** Exercise objective **
The response should be an exact copy of the records, with the pictures removed.

** Material for this task **

---------------

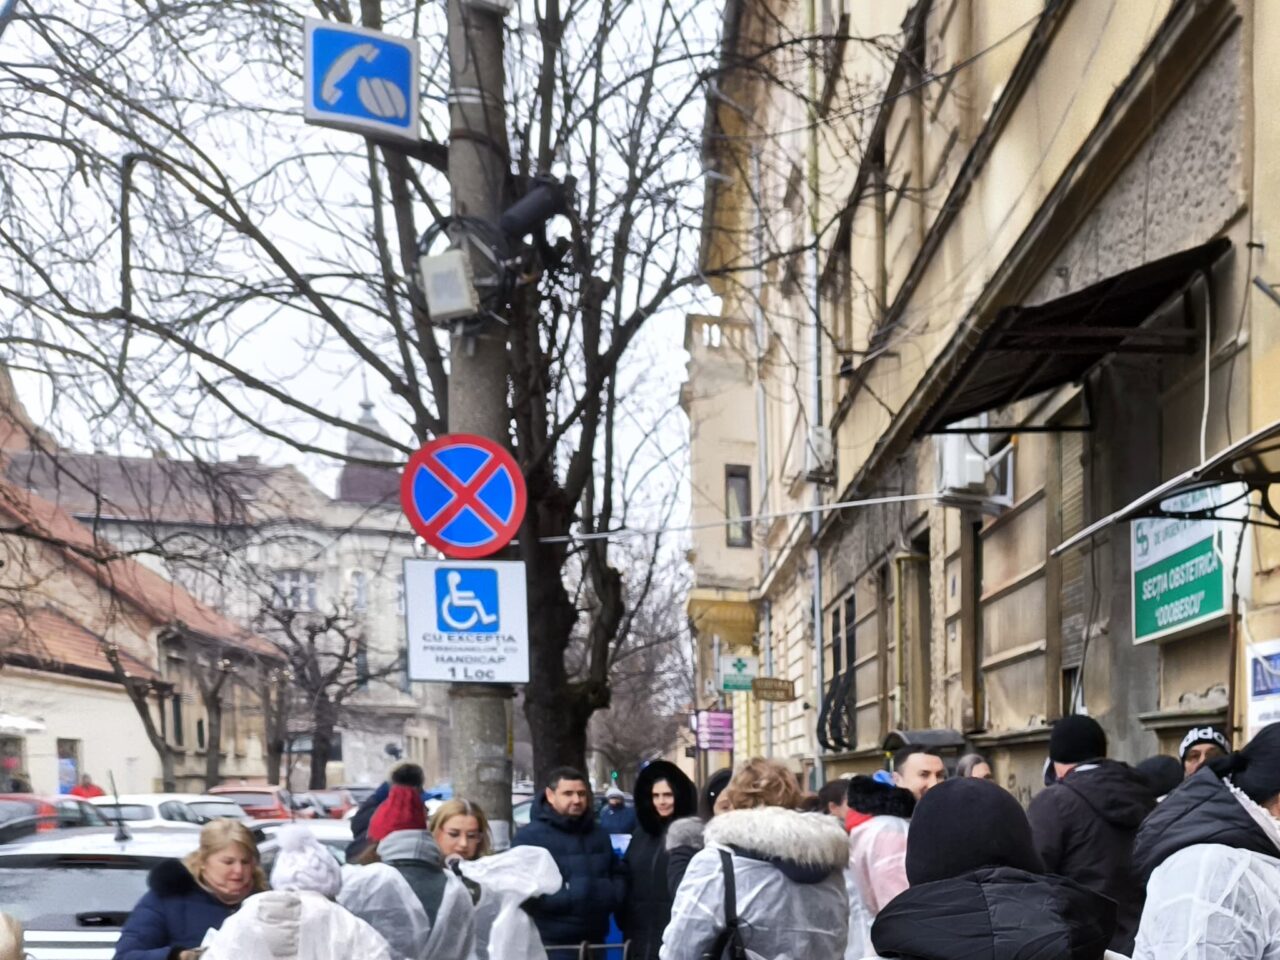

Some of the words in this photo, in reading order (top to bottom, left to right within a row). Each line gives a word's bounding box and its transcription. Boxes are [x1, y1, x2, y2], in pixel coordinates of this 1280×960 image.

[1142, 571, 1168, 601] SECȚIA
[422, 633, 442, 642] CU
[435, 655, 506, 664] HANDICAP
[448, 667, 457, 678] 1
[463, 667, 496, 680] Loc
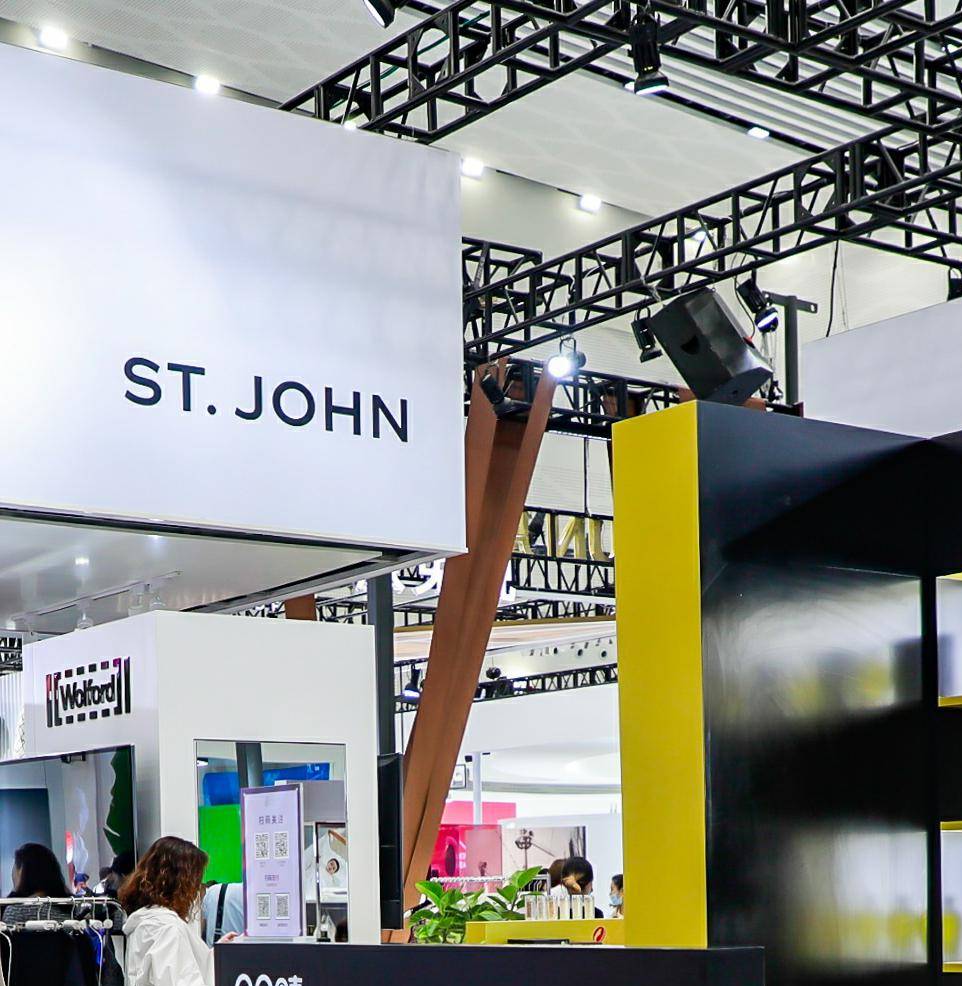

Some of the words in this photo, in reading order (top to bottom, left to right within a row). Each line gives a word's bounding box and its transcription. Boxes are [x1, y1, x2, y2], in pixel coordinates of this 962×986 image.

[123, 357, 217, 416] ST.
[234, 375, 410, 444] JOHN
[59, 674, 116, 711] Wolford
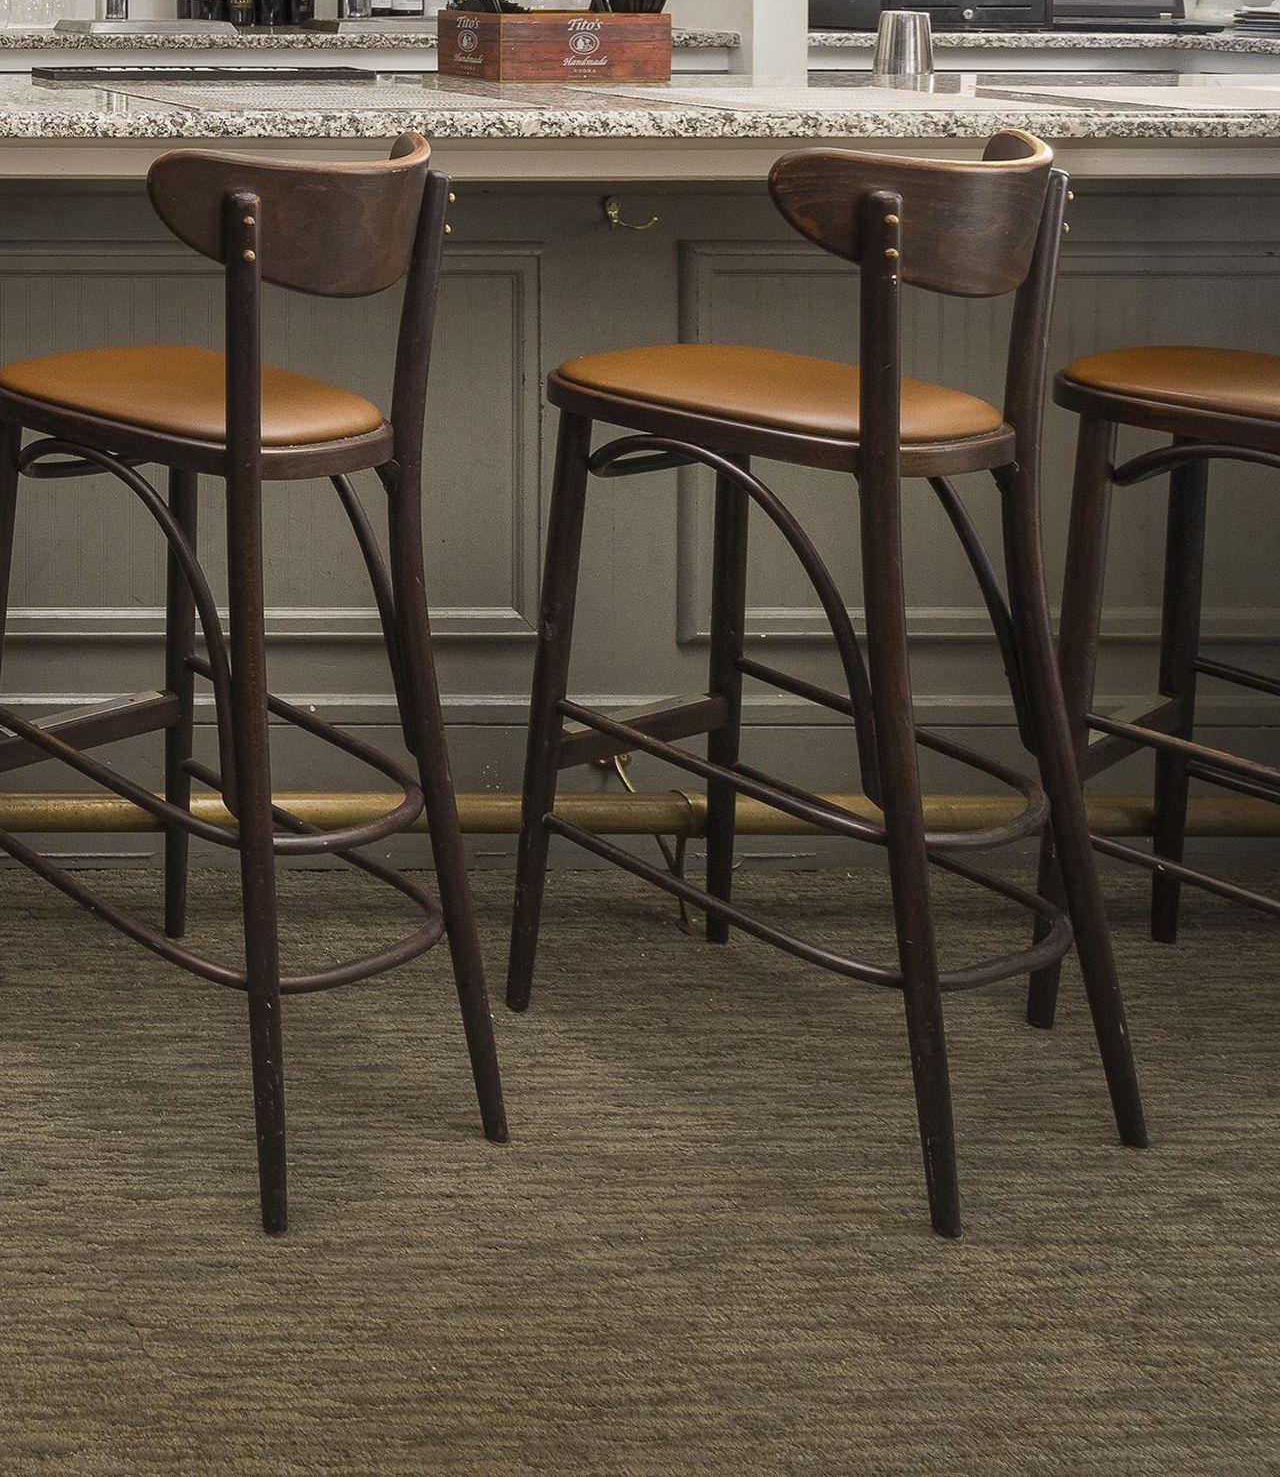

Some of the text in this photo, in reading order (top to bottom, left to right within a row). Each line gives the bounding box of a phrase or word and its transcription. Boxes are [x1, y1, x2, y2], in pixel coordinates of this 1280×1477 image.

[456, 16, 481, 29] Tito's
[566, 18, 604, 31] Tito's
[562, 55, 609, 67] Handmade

---------------

** Response area **
Some of the words in this photo, in reading order (top to bottom, left to right within a row). Each line gives a word's bounding box and its transcription. Boxes are [x1, y1, x2, y2], in pixel coordinates of this 1280×960 image.

[1142, 571, 1168, 601] SECȚIA
[422, 633, 442, 642] CU
[435, 655, 506, 664] HANDICAP
[448, 667, 457, 678] 1
[463, 667, 496, 680] Loc

Some of the words in this photo, in reading order (top to bottom, left to right within a row). Each line gives a word's bounding box and its transcription. Boxes are [x1, y1, x2, y2], in pixel coordinates of this 962×986 image.

[123, 357, 217, 416] ST.
[234, 375, 410, 444] JOHN
[59, 674, 116, 711] Wolford

Some of the text in this photo, in reading order (top to bottom, left to right within a row). Each line gives the bounding box of a phrase or word and its transcription. Boxes are [x1, y1, x2, y2], in pixel coordinates of this 1280×1477 image.

[456, 16, 481, 29] Tito's
[566, 18, 604, 31] Tito's
[562, 55, 609, 67] Handmade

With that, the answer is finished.